A Python script that is able to read a text file and perform LDAP group membership updates is probably enough. There are a few examples in our puppet repo -- one simple example is rewrite-group-for-memberof.py. And offboard_user is a more complicated one. And actually, sync_ldap_project_group() in ldapgroups.py is quite close to the logic you want (just again more complicated -- here we shouldn't create the group if it doesn't already exist).

If you aren't already familiar with LDAP this is probably too much to ask, though, and I could find some time for it soon.

This is great, thanks. One remaining piece here is to figure out how best to get this data to a context where we can edit LDAP like ldap-maint1001. Maybe the simplest way is using rsync::server::module to expose the /srv/exports/ldap_group or /srv/exports directory?

FWIW, the whole /srv/exports directory is already exported via rsync::server::module (for lists servers). I think we only need to add ldap-maint1001 to hosts_allow and add a rsync timer to ldap-maint, but I might be missing something here.

  • Add a systemd timer on ldap-maint1001/ldap-maint2001 (we already have a flag to only run timers on the active node) which updates cn=klaxon-users based on this list

I'm not sure how would updating cn=klaxon-users work. We can certainly automatically add all new accounts from the txt file I'm generating, but how would removal work? If someone is in cn=klaxon-users, but not in the txt file, how would we know whether they were added to klaxon-users by virtue of being a steward, or because of some other process (that is not related to stewards onboarding at all)? Wouldn't we need to create cn=stewards instead, which would be fully managed by the syncing process, and leave klaxon-users for manual additions instead? Or am I misunderstanding some of this?

Your proposal is better, let's do that.

Ack.

@Urbanecm are you interested in writing some patches if I do code reviews?

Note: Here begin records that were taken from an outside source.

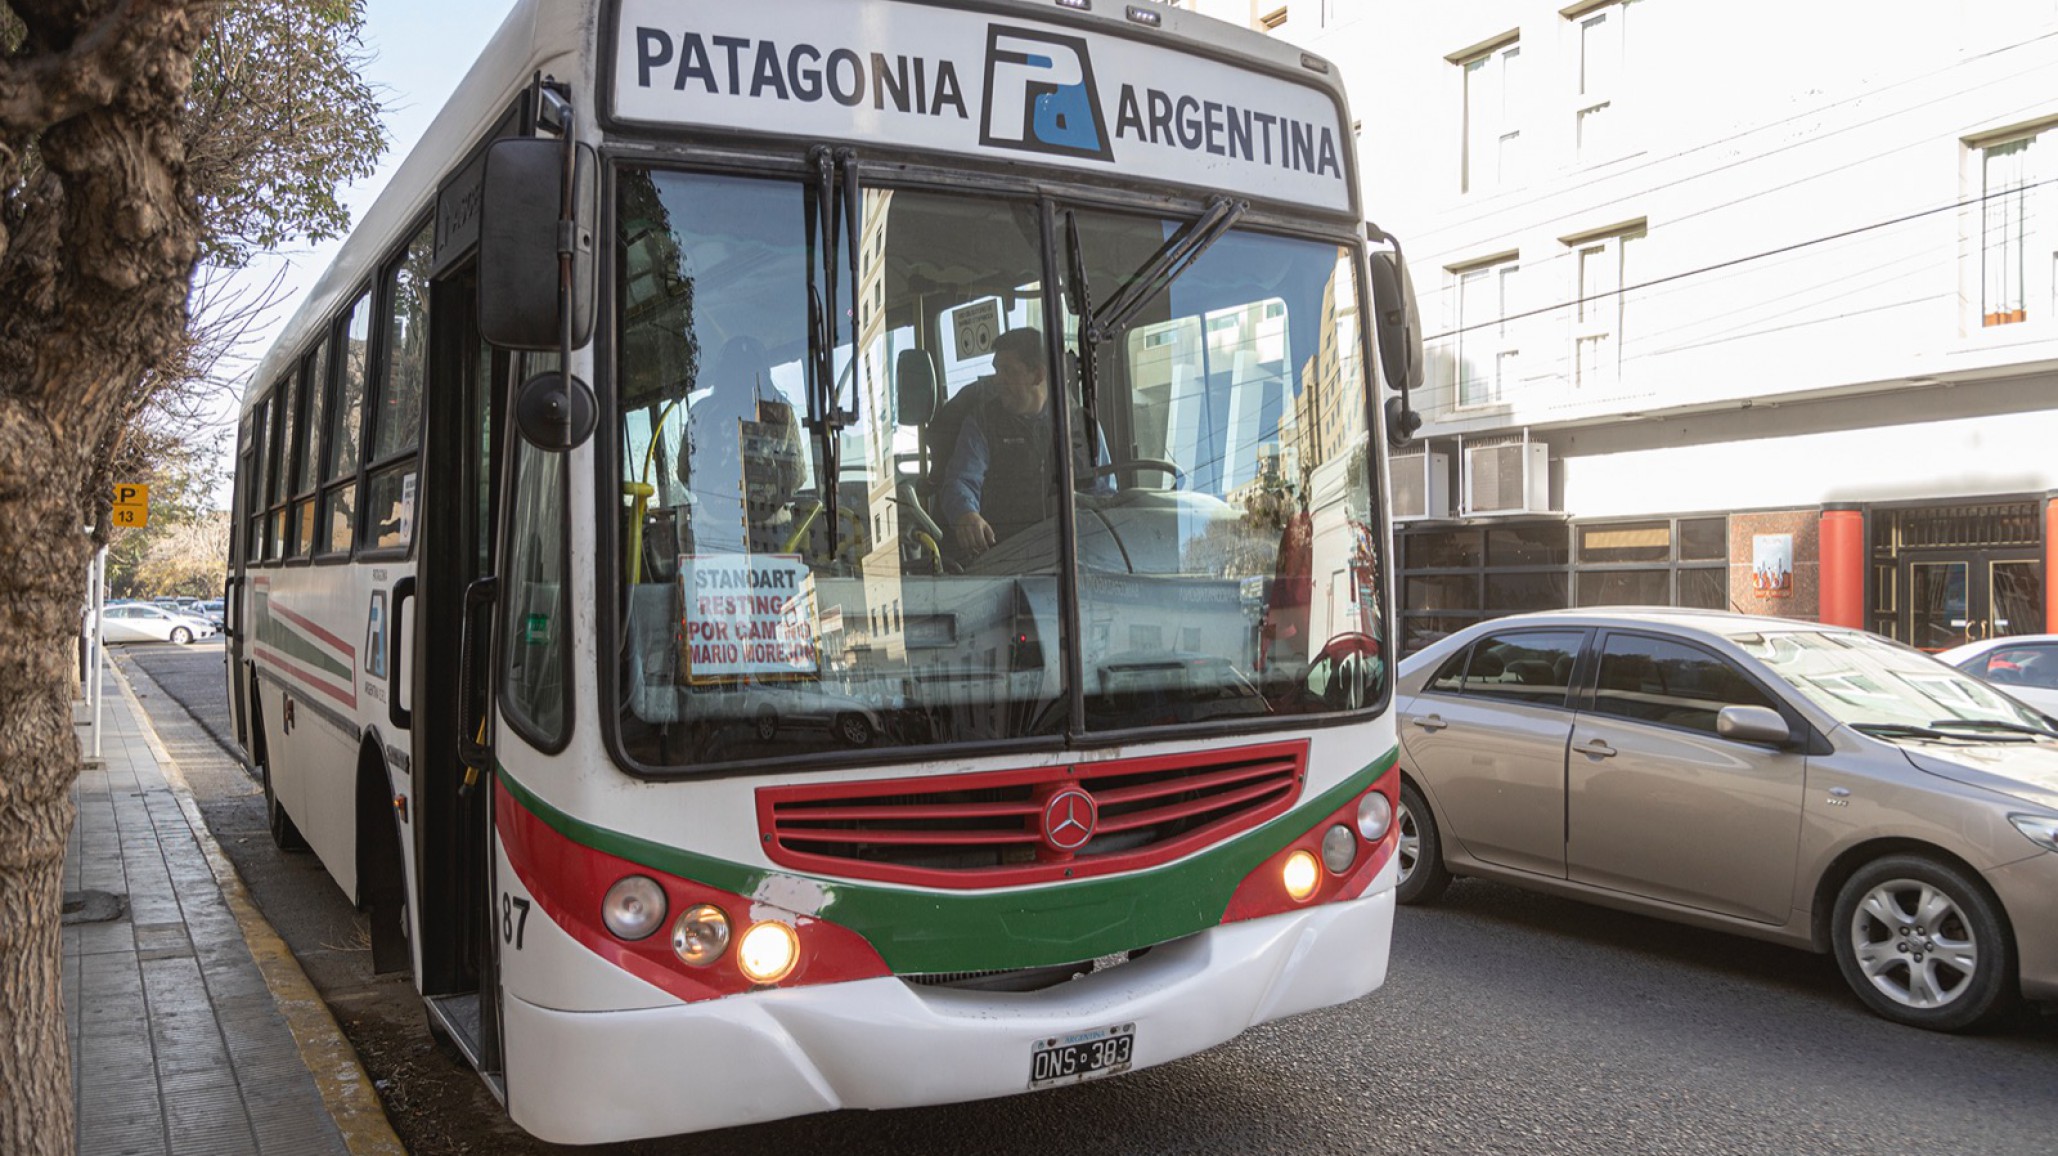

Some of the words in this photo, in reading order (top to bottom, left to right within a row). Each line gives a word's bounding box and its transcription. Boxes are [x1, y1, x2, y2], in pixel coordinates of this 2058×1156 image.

[636, 26, 969, 119] PATAGONIA
[1115, 83, 1341, 179] ARGENTINA
[118, 510, 134, 523] 13
[699, 595, 797, 616] RESTINGA
[688, 621, 729, 641] POR
[735, 620, 811, 641] CAMNO
[689, 644, 738, 664] MARIO
[502, 891, 531, 951] 87
[1090, 1037, 1131, 1069] 383
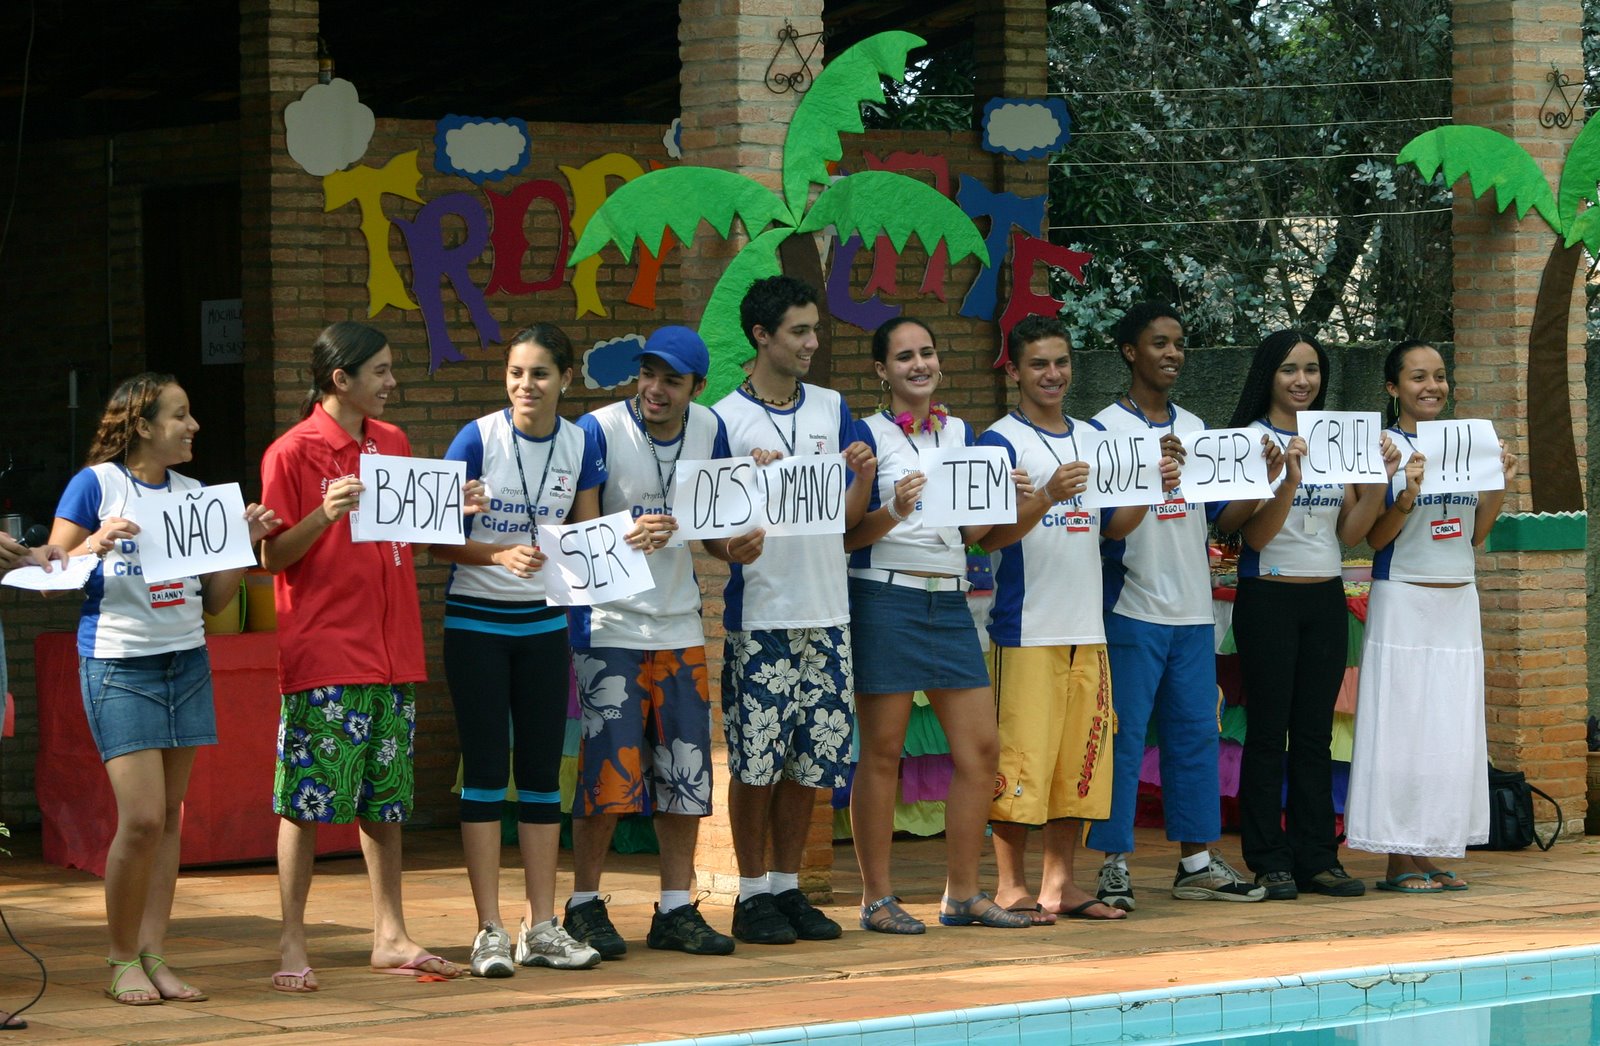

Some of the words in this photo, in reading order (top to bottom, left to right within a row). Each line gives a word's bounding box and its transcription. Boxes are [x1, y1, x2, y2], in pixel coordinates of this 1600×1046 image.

I wrote some code for the stewards end of thing, but I'm lost at what would I need to do to actually get the changes synced to LDAP. If you can offer some guidance, I can try though :).

A Python script that is able to read a text file and perform LDAP group membership updates is probably enough. There are a few examples in our puppet repo -- one simple example is rewrite-group-for-memberof.py. And offboard_user is a more complicated one. And actually, sync_ldap_project_group() in ldapgroups.py is quite close to the logic you want (just again more complicated -- here we shouldn't create the group if it doesn't already exist).

If you aren't already familiar with LDAP this is probably too much to ask, though, and I could find some time for it soon.

Unfortunately, my LDAP experience is very limited – I know how to make basic searches using ldapsearch, but I never tried updating LDAP groups via a script. So, not sure if I'm the best choice for this.